(Free-text object descriptions)

========================================================================

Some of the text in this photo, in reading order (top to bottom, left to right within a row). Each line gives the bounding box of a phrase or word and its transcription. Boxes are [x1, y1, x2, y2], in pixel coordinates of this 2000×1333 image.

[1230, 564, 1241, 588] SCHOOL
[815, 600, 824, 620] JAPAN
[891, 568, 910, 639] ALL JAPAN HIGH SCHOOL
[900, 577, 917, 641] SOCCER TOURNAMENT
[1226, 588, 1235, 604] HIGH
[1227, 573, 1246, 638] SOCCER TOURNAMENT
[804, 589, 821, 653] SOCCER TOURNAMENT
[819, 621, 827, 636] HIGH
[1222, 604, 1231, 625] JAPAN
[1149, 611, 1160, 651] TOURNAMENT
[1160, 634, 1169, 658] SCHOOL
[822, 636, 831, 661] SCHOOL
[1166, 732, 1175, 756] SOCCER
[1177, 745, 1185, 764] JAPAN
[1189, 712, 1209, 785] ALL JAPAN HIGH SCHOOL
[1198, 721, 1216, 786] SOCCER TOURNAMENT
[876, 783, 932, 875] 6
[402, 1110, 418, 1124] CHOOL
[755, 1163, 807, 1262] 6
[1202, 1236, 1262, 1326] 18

========================================================================

▶ [Exercise directions]: Restate each record above exactly, leaving nothing out.

▶ [Answer below]:
Some of the text in this photo, in reading order (top to bottom, left to right within a row). Each line gives the bounding box of a phrase or word and its transcription. Boxes are [x1, y1, x2, y2], in pixel coordinates of this 2000×1333 image.

[1230, 564, 1241, 588] SCHOOL
[815, 600, 824, 620] JAPAN
[891, 568, 910, 639] ALL JAPAN HIGH SCHOOL
[900, 577, 917, 641] SOCCER TOURNAMENT
[1226, 588, 1235, 604] HIGH
[1227, 573, 1246, 638] SOCCER TOURNAMENT
[804, 589, 821, 653] SOCCER TOURNAMENT
[819, 621, 827, 636] HIGH
[1222, 604, 1231, 625] JAPAN
[1149, 611, 1160, 651] TOURNAMENT
[1160, 634, 1169, 658] SCHOOL
[822, 636, 831, 661] SCHOOL
[1166, 732, 1175, 756] SOCCER
[1177, 745, 1185, 764] JAPAN
[1189, 712, 1209, 785] ALL JAPAN HIGH SCHOOL
[1198, 721, 1216, 786] SOCCER TOURNAMENT
[876, 783, 932, 875] 6
[402, 1110, 418, 1124] CHOOL
[755, 1163, 807, 1262] 6
[1202, 1236, 1262, 1326] 18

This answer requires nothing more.